Courtesy of SP Global Platts – Janet McGurty

Meridian Energy is getting a warm Texas reception as it looks to replicate its more environmentally friendly North Dakota refinery in the Permian Basin, according to CEO Bill Prentice said.

Meridian’s 49,500 b/d refinery in Davis, North Dakota, geared to optimally run local Bakken Shale crude, will be completed by the third quarter of 2020, later than planned and slightly redesigned with just one crude unit to meet lower Minor Source Operating Permit emissions criteria.

Unlike North Dakota, Texas’ environmental regulators are accustomed to refineries, with about 30% or 5.7 million b/d of the US’ total refining capacity located in the state. So, Meridian’s plans to build a 60,000 b/d refinery in the Delaware Basin, in the western part of the Permian Basin, has met with an easier regulatory climate. Prentice said Meridian expects to apply for a permit for its Permian project in the next three months. “So we will be up and running in about three years,” he said.


Crude and condensate production in the West Texas and New Mexico basin continues to grow. S&P Global Platts Analytics estimates November crude production in the basin reached 3.8 million b/d, and is set to rise an additional 660,000 b/d in 2019.

Continued growth is also “lightening” the crude. The newer NYMEX WTI Houston contract allows for 40 to 44 API gravity and 0.275% sulfur, compared with 0.42% sulfur and 37 to 42 API gravity specifications for its benchmark light, sweet crude contract. “There is surplus 36 and 38 gravity stuff people don’t seem to want.
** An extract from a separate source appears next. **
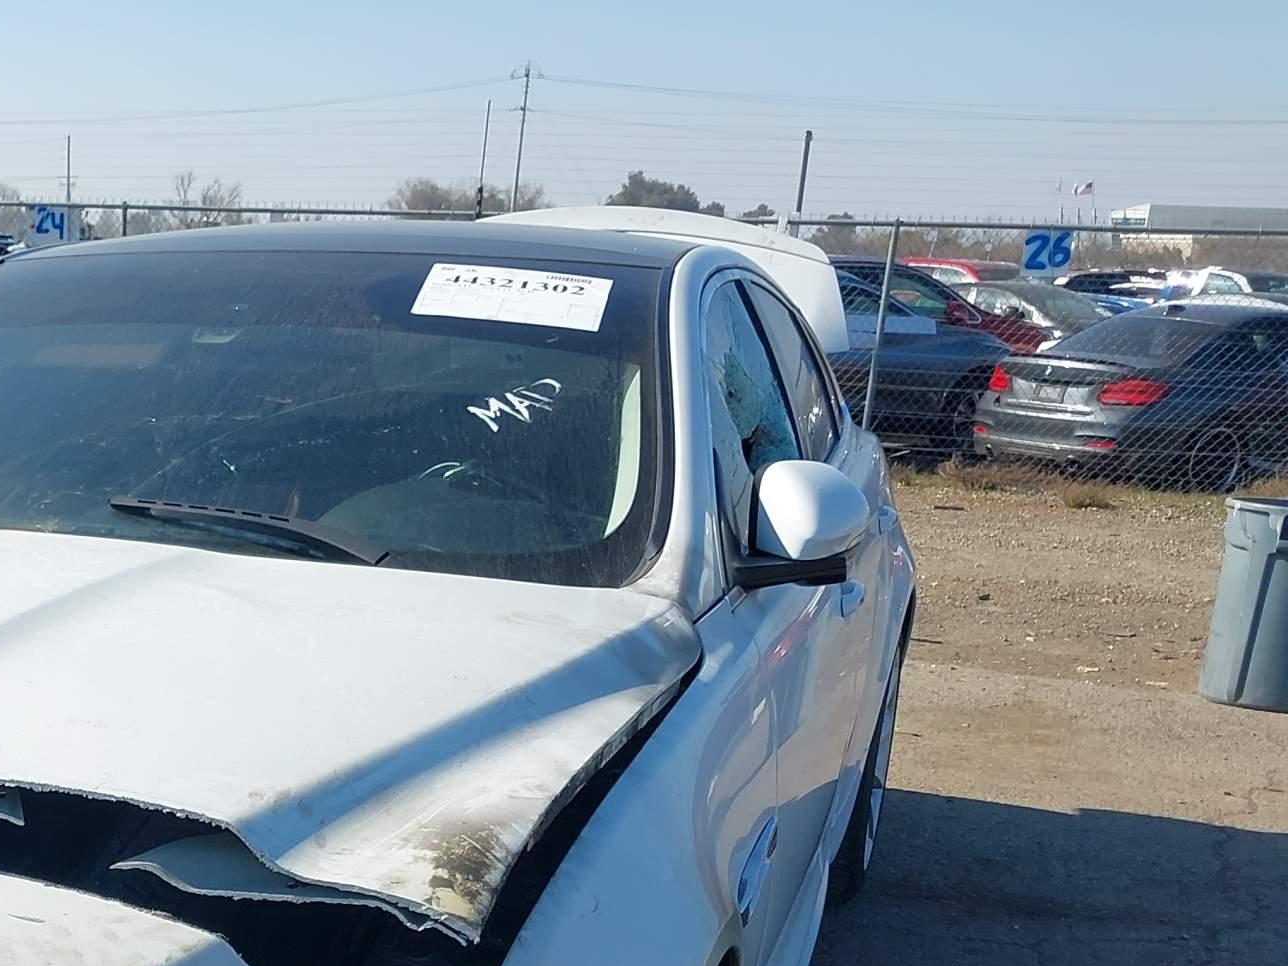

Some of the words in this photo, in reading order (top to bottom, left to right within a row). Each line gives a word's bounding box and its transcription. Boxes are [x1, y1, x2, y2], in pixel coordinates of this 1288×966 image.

[36, 207, 64, 240] 24
[1024, 232, 1071, 270] 26
[445, 275, 586, 296] 44321302
So maybe we will take a look at that for part of the feedstock,” Prentice said.

And as pipeline takeaway capacity comes online and US Gulf Coast refiners run maximum light sweet crude slates, the price difference between the Permian and USGC refinery and export price point at Magellan East Houston (MEH) is shifting. While the front-month relationship has widened by 60 cents/b week on week, with the weekly average for MEH holding a $8.30/b premium to Midland, the second-month prices show a narrowing of the spread, with MEH holding a $7.08/b premium to WTI Midland, compared with $7.34/b a week earlier.

However, these changing crude spreads, increased pipeline takeaway capacity and crude exports do not worry Prentice. “I can’t comment on them now, but it’s worth noting one pipe going next to our property carries one tenth of US crude production,” he said, alluding to the joint 1 million b/d pipeline planned by ExxonMobil, Plains All American and Lotus Midstream. “We’re an alternative to that takeaway capacity,” he added.


The refinery location, on the eastern side of the Delaware Basin, is a perfect location thanks to midstream partner Winkler Companies, Prentice said. “Winkler reached out to us and we were glad they did. We were looking at sites closer to [Crane, Texas]. We hadn’t really looked in the Delaware,” he added.
The site is located on a big ranch that does not want to sell the property, so Meridian and Winkler have a master lease relationship. Winkler will handle all the logistics, blending and midstream functions. “What we would love to do is just to focus on cooking oil within our fence line. And not have to worry about other things like material handing, and storage,” he said.